И только когда сторож в ливрее, проходя мимо, скажет: «Mesdames, музей закрывают», они встают и медленно уходят, обновленные, смирившиеся, благодарные. Ах, что бы ни ждало впереди: крушение надежд, измена, потеря иллюзий, болезнь и смерть – все равно! Благословенна жизнь за то, что в ней есть такие минуты!

– Иза, – говорит Маня, стоя в крошечном сквере, под башней Сен-Жермен л'Окзерруа, – посидим здесь! Я не могу сейчас идти домой. Я ничего уже не люблю в такие минуты. И никого. Понимаешь? Надо, чтобы душа сошла вниз с высокой башни. Ах, как много ступенек надо ей пройти, чтоб опять почувствовать землю!

Бьет одиннадцать часов. Катя открывает глаза.

Она одна в комнате, на широкой двуспальной кровати. Николеньки нет. Где он? Вот досада! Она проспала. Гости разъехались так поздно.

Эта комната лучшая во всем старом флигеле. И Катя любит в ней каждую вещицу. Влюбленными глазами глядит она на пиджак мужа, перекинутый на спинку стула, на его галстук, брошенный у туалетного стола, на его штиблеты, вот тут, на коврике. Расцеловала бы, кажется, все.

Она закрывает глаза и блаженно улыбается. Ах, эта ночь!

Вот уже пятый месяц, как они женаты, а она влюблена без памяти, как в первый день, О нет! Сильнее. Теперь вся жизнь ее в нем, в его близости, в его ласке. Как могла она думать, что ей будет скучно в деревне, рядом с ним? Просыпаться утром и глядеть тихонечко в его лицо, пока он спит, ловить трепет его век. Потом с криком блаженства обвить руками его шею.

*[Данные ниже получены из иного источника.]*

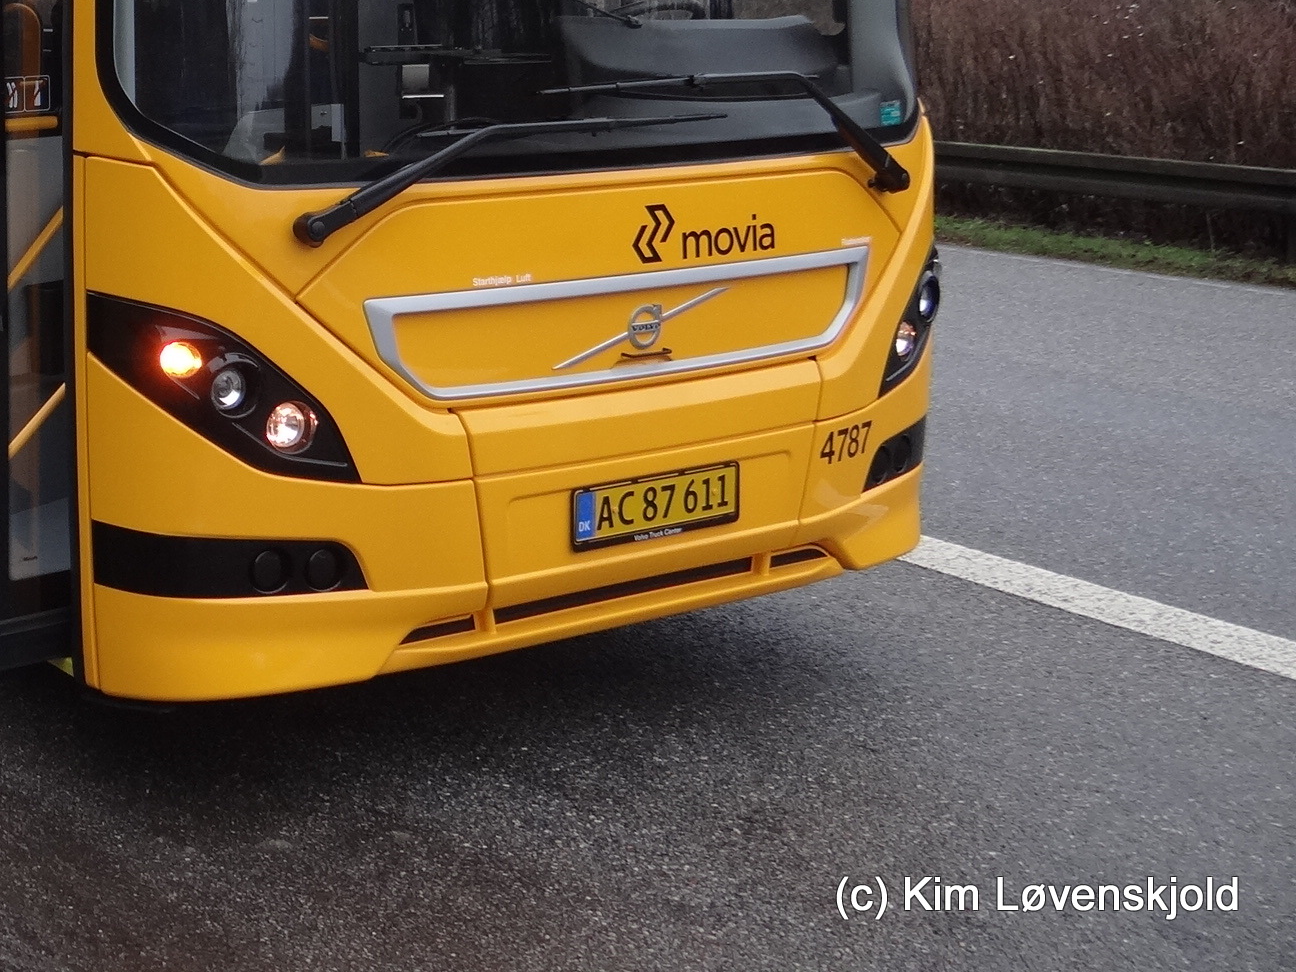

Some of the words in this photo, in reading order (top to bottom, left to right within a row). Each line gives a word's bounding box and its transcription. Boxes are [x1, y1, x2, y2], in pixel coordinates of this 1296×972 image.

Она любит спать. Но для него встает рано. Как весело слушать, когда он умывается! Он всегда стесняется ее, уходит за ширму, такой чудак! А у нее нет никакого стыда перед ним, ни чуточки. Разве они не муж и жена?

– «Жена…», – повторяет она вслух. – «Madame Нелидова…» И звонко хохочет, пряча лицо в подушку.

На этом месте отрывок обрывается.